Uma associação do tipo da nossa, que federa fundamentalmente indivíduos, não terá normalmente capacidade de sobrevivência, caso subsista unicamente com as contribuições efectuadas através das quotas desses sócios.
7. A APPM avança com outros projectos da associação, tais como a elaboração de um código deontológico, levantamento das funções de marketing e a certificação do exercício da actividade profissional. Trata-se de uma lacuna/necessidade detectada no mercado?
Trata-se efectivamente de uma lacuna, em áreas que nos são afectas e sobre as quais temos, em meu entender, a responsabilidade social, perante os nossos associados e o mercado, de produzir trabalho.
A elaboração do código deontológico é um tema importante para os profissionais de marketing. A APPM encontra-se neste momento, no âmbito do seu plano de acção para o biénio, a elaborar o código deontológico dos “marketeers”.
Como disciplina abrangente, o marketing - numa perspectiva global e estratégica da gestão – deverá dispor, em meu entender, de um conjunto de normas de conduta que enquadre a actividade dos profissionais de marketing. Estes, confrontam-se no quotidiano com questões deste tipo, pelo que considerei como prioritário a APPM vir a assumir uma posição relevante neste domínio, não obstante o papel desempenhado por diversas organizações sectoriais, designadamente a nível da publicidade e da comunicação.
O levantamento sistematizado das funções actuais de marketing, as posições/cargos ocupados pelos profissionais, a própria inserção do marketing e da sua gestão nas empresas, constitui um tema essencial, sobre o qual nos vamos debruçar.
Julgo que este trabalho de compreensão da realidade actual, é essencial para se avaliar do ajustamento dos esquemas de formação, académica e profissional, às diversas necessidades do mercado e também prévio ao desenvolvimento de um outro projecto que com este confina, o da certificação da actividade de profissional. Este último é um projecto razoavelmente complexo e longo.
Estamos a dar os primeiros passos. Começaremos por efectuar um estudo a nível nacional das actuais funções do marketing e da tipologia de desempenho dos profissionais. Somos o representante nacional e membro principal da Confederação Europeia de Marketing, EMC, a qual está também neste momento a encetar um projecto neste âmbito, a nível europeu. A EMC tem igualmente ligações com a WMC, World Marketing Confederation, o que lhe aporta uma perspectiva global e internacional da questão.
Julgamos estar, assim, bem posicionados e numa situação única para assumir estas responsabilidades, devido ao nosso estatuto em Portugal e às nossas ligações internacionais.
Trata-se, no entanto como referi, de um dossier complexo, carecendo de estudos e de diálogo com os agentes económicos, com as universidades e com as autoridades nacionais, nomeadamente com os ministérios do emprego, da educação, da economia e com as autoridades europeias.

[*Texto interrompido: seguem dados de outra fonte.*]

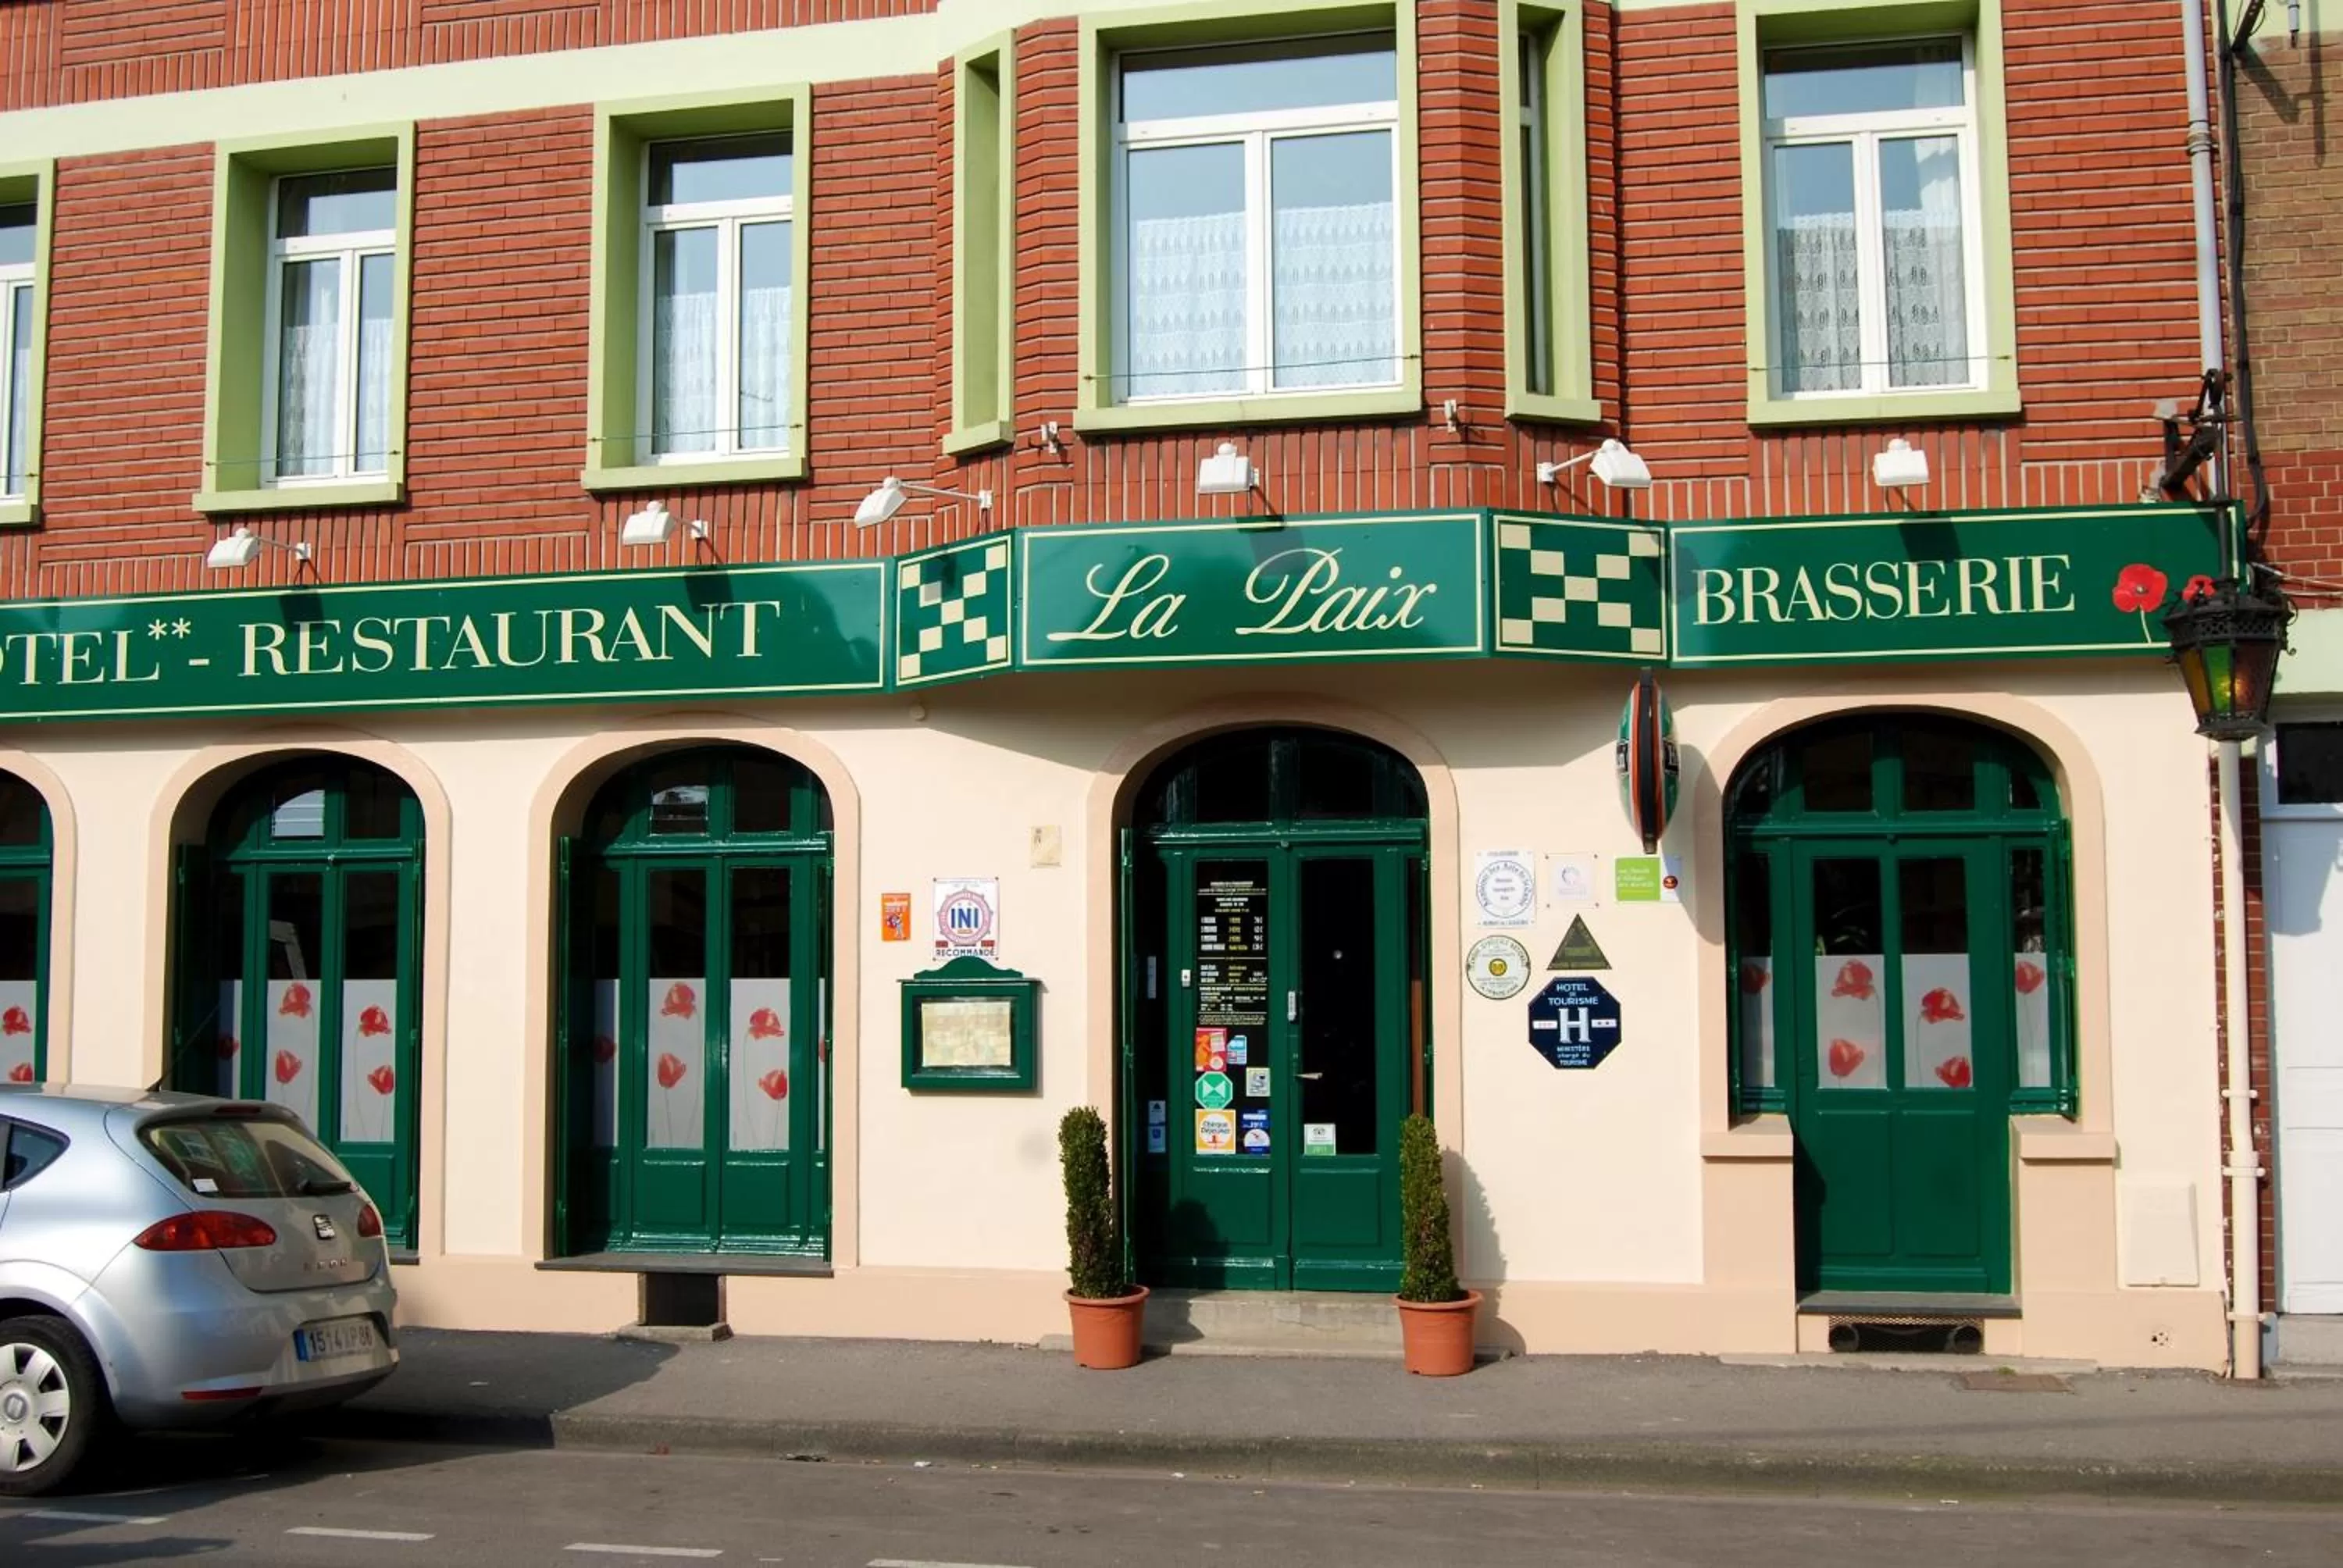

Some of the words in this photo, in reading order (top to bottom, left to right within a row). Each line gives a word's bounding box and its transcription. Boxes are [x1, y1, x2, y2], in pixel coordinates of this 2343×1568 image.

8. Na sua opinião, a actividade dos profissionais de marketing não está, actualmente, devidamente regulamentada ou até mesmo protegida?
Julgo que a resposta terá de ser globalmente negativa. Não me parece, contudo, demasiado relevante a questão da protecção. Julgo, sim, que há sempre interesse em se terem as regras do jogo do exercício da função, o mais clarificadas possível. E quanto a isto julgo que já lhe terei respondido, a propósito da questão do código deontológico e do projecto de certificação.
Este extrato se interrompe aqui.